Provided information:
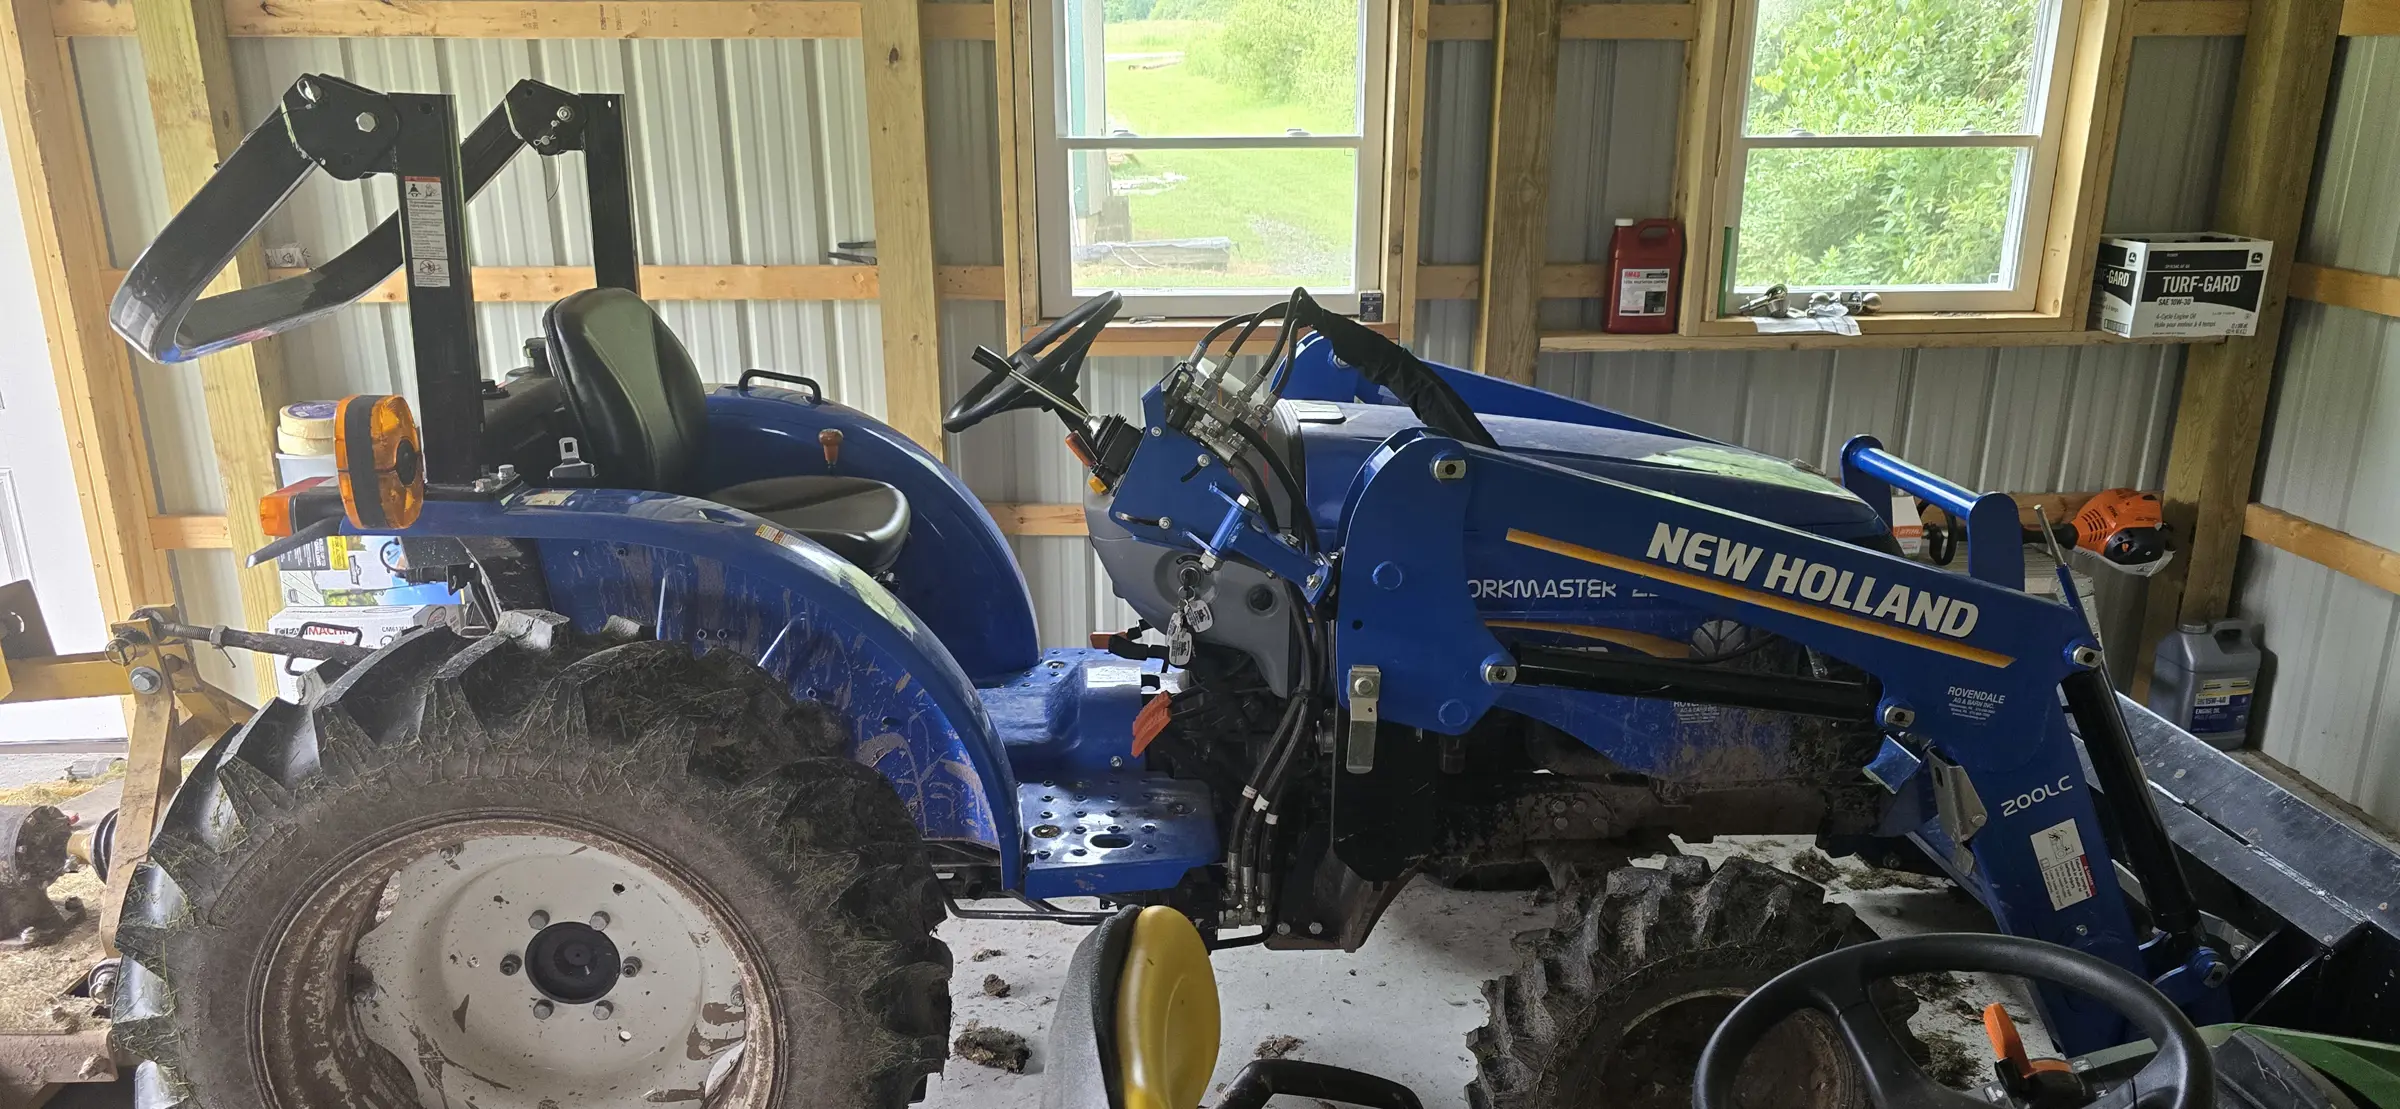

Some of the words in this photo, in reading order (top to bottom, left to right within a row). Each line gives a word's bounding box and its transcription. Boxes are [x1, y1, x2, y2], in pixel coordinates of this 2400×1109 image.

[2162, 275, 2241, 293] TURF-GARD
[1468, 579, 1617, 598] ORKMASTER
[1646, 522, 1763, 582] NEW
[1763, 552, 1979, 638] HOLLAND
[1947, 686, 2005, 704] ROVENDALE

Work instruction: Output the material above verbatim but exclude each picture.

Exercise answer:
Some of the words in this photo, in reading order (top to bottom, left to right within a row). Each line gives a word's bounding box and its transcription. Boxes are [x1, y1, x2, y2], in pixel coordinates of this 2400×1109 image.

[2162, 275, 2241, 293] TURF-GARD
[1468, 579, 1617, 598] ORKMASTER
[1646, 522, 1763, 582] NEW
[1763, 552, 1979, 638] HOLLAND
[1947, 686, 2005, 704] ROVENDALE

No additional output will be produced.